Welcome to OGeek Q&A Community for programmer and developer-Open, Learning and Share
Welcome To Ask or Share your Answers For Others

Categories

0 votes
148 views
in Technique[技术] by (71.8m points)

c# - How Can a Stack Trace Point to the Wrong Line (the "return" Statement) - 40 Lines Off

I have twice now seen a NullReferenceException logged from a Production ASP.NET MVC 4 web application - and logged on the wrong line. Not wrong by a line or two (like you would get with a PDB mismatch), but wrong by the length of the entire controller action. Example:

public ActionResult Index()
{
    var someObject = GetObjectFromService();
    if (someObject.SomeProperty == "X") { // NullReferenceException here if someObject == null
        // do something
    }

    // about 40 more lines of code

    return View();    // Stack trace shows NullReferenceException here
}

This has happened twice for actions on the same controller. The second case was logged on

// someObject is known non-null because of earlier dereferences
return someObject.OtherProperty
    ? RedirecToAction("ViewName", "ControllerName")
    : RedirectToAction("OtherView", "OtherController");

This is very disturbing. NullReferenceException is very easy to fix once you know what line it occurs on. It's not quite so easy if the exception could have happened anywhere within the controller action!
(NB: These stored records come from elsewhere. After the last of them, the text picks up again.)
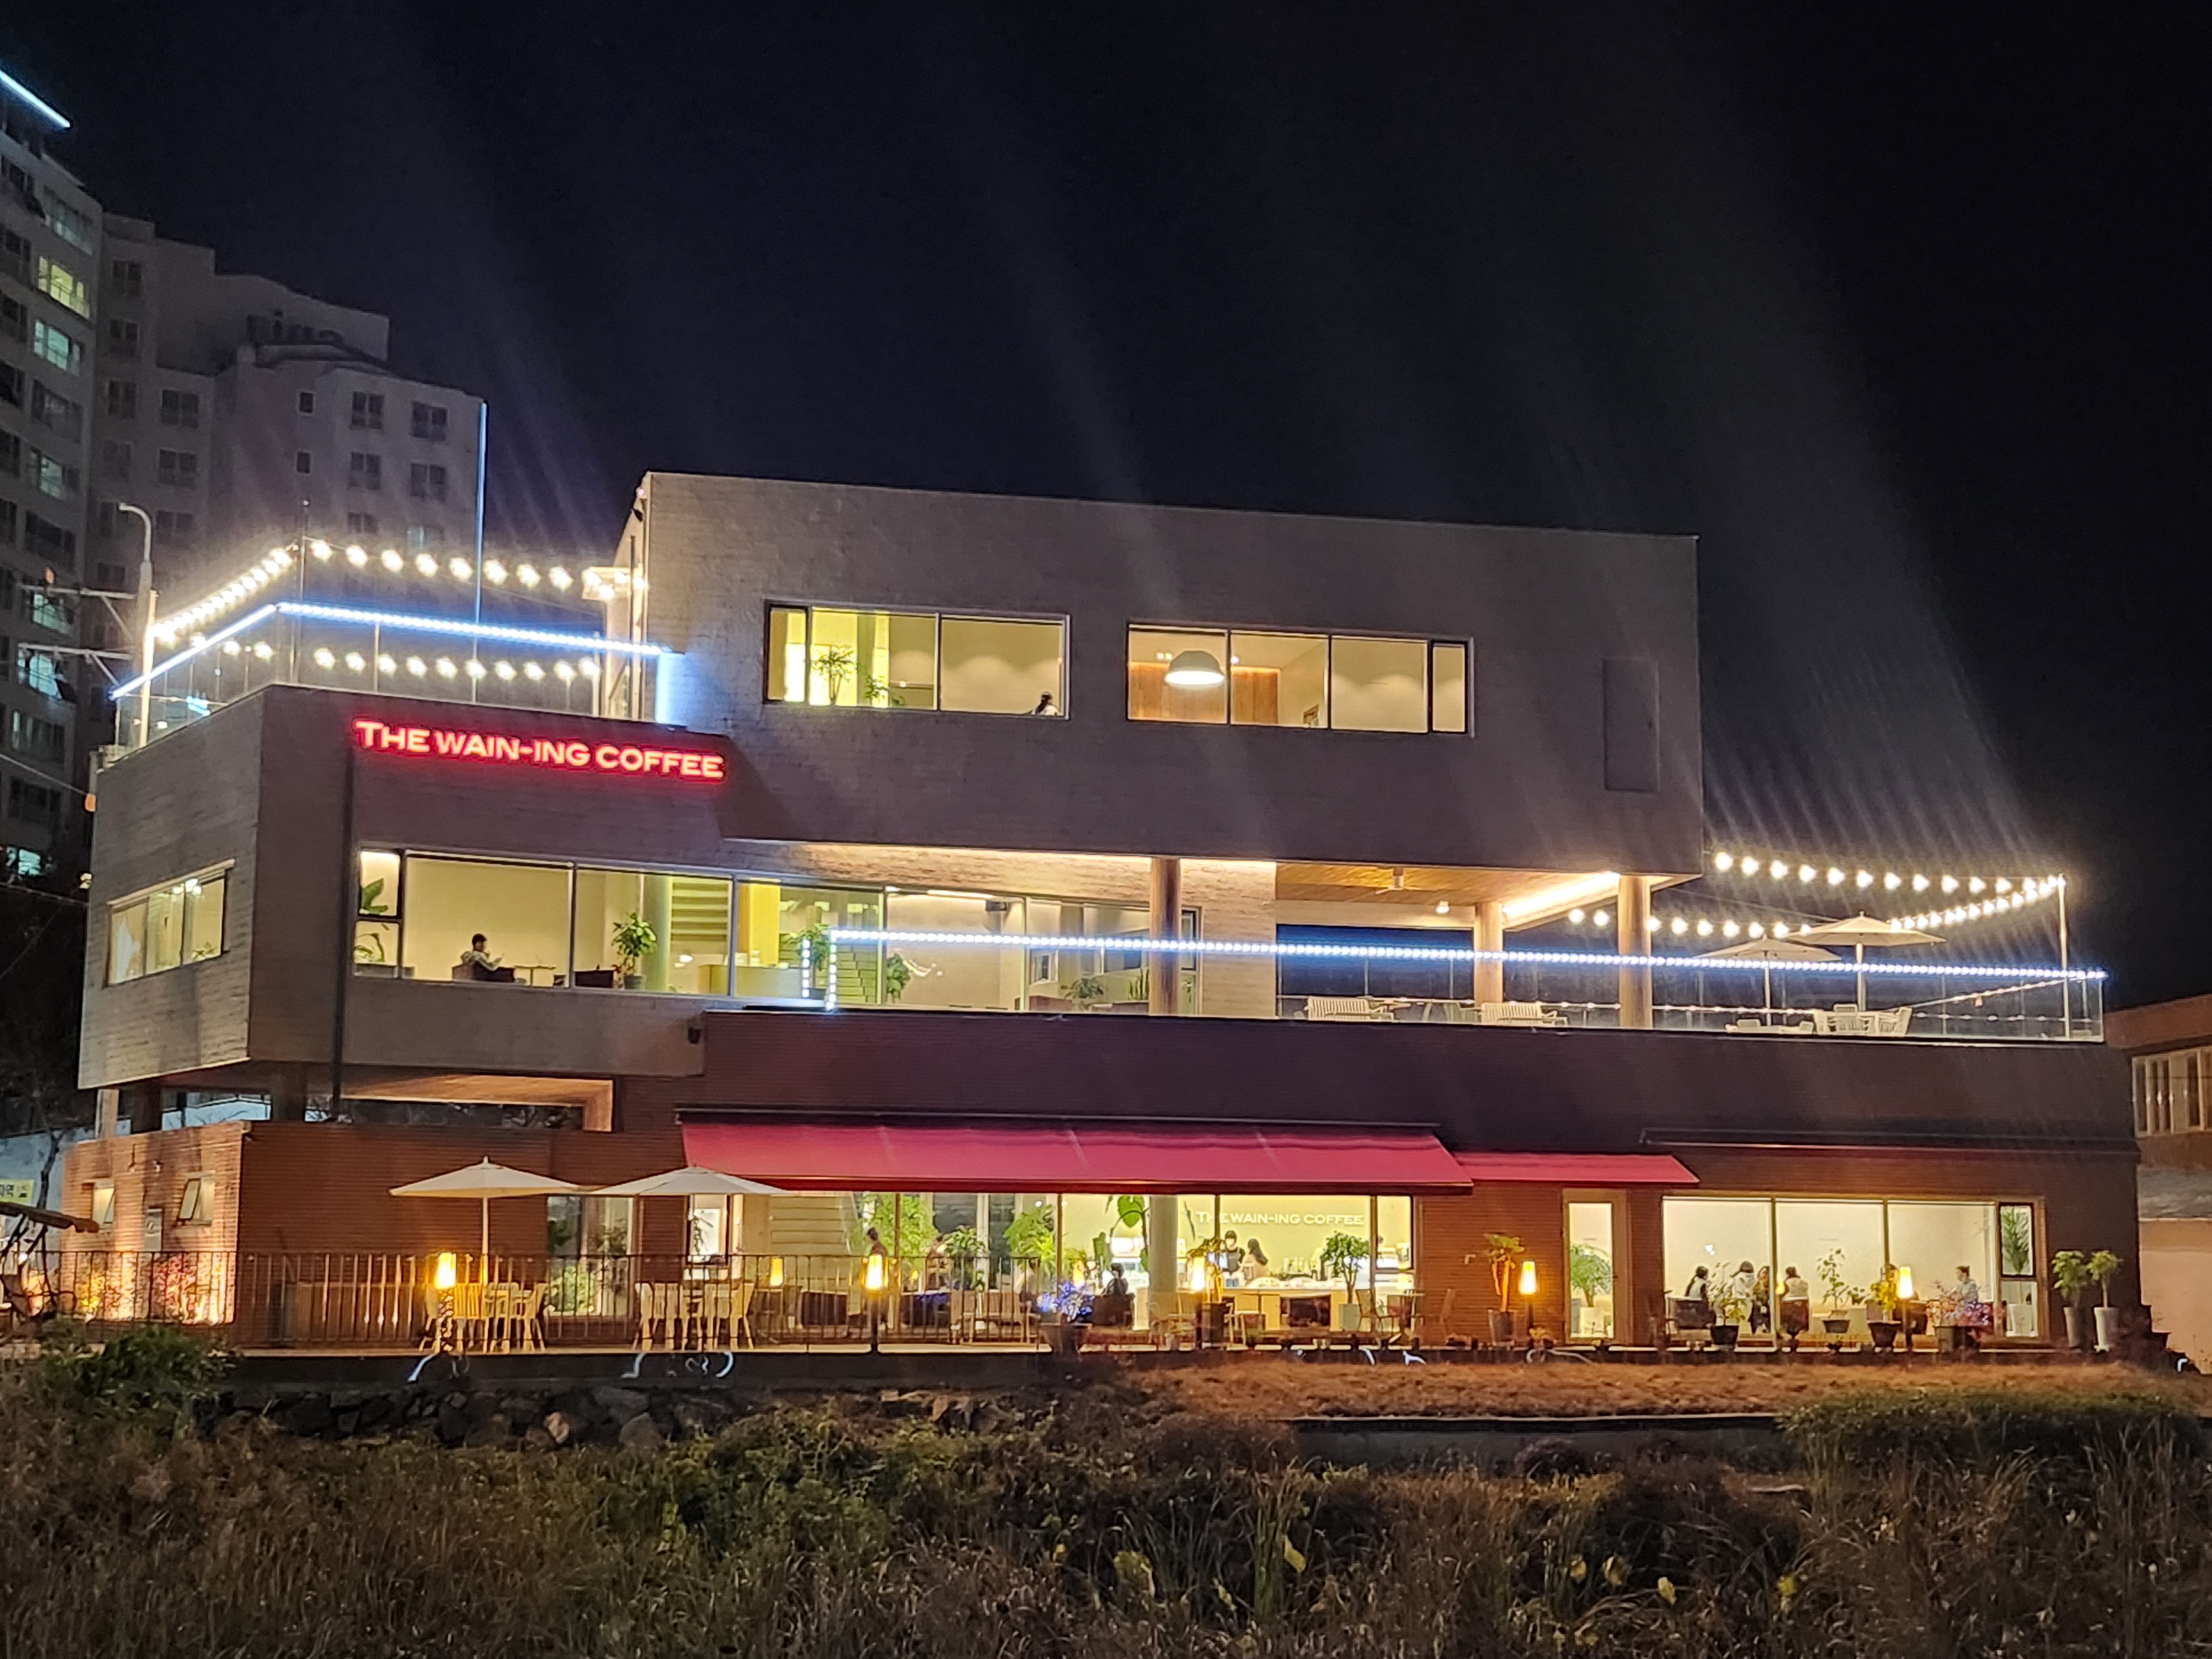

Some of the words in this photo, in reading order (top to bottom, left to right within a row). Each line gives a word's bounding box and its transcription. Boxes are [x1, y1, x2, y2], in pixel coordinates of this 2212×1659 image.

[356, 720, 430, 753] THE
[434, 730, 591, 767] WAIN-ING
[594, 745, 724, 778] COFFEE
[1229, 1213, 1301, 1224] WAIN-ING
[1303, 1214, 1364, 1225] COFFEE
Has anyone ever seen anything like this at all, either in ASP.NET MVC or elsewhere? I'm willing to believe it's the difference between a Release build and a Debug build, but still, to be off by 40 lines?


EDIT:

To be clear: I'm the original author of "What is a NullReferenceException and how do I fix it?". I know what a NullReferenceException is. This question is about why could the stack trace be so far off. I have seen cases where a stack trace is off by a line or two due to PDB mismatch. I have seen cases where there is no PDB, so you don't get line numbers. But I have never seen a case where the stack trace is off by 32 lines.

EDIT 2:

Note that this has happened with two separate controller actions within the same controller. Their code is quite different from each other. In fact, in the first case, the NullReferenceException didn't even occur in a conditional - it was more like this:

SomeMethod(someObject.SomeProperty);

There was some chance that the code had been reorganized during optimization so that the actual NullReferenceException occurred closer to the return, and the PDB was in fact only off by a few lines. But I don't see an opportunity to rearrange a method call in a way that would cause the code to move by 32 lines. In fact, I just looked at the decompiled source, and it does not appear to have been rearranged.

What these two cases have in common are:

  1. They occur in the same controller (so far)
  2. In both cases, the stack trace points to the return statement, and in both cases, the NullReferenceException occurred 30 or more lines away from the return statement.

EDIT 3:

I just did an experiment - I just rebuilt the solution using the "Production" build configuration that we have deployed to our Production servers. I ran the solution on my local IIS, without changing the IIS configuration at all.

The stack trace showed the correct line number.

EDIT 4:

I don't know if this is relevant, but the circumstance causing the NullReferenceException is as unusual as this "wrong line number" issue itself. We appear to be losing session state for no good reason (no restarts or anything). That's not too strange. The strange part is that our Session_Start should be redirecting to the login page when that happens. Any attempt to reproduce the session loss causes the redirect to the login page. Subsequently using the browser "Back" button or manually entering the previous URL goes right back to the login page without hitting the controller in question.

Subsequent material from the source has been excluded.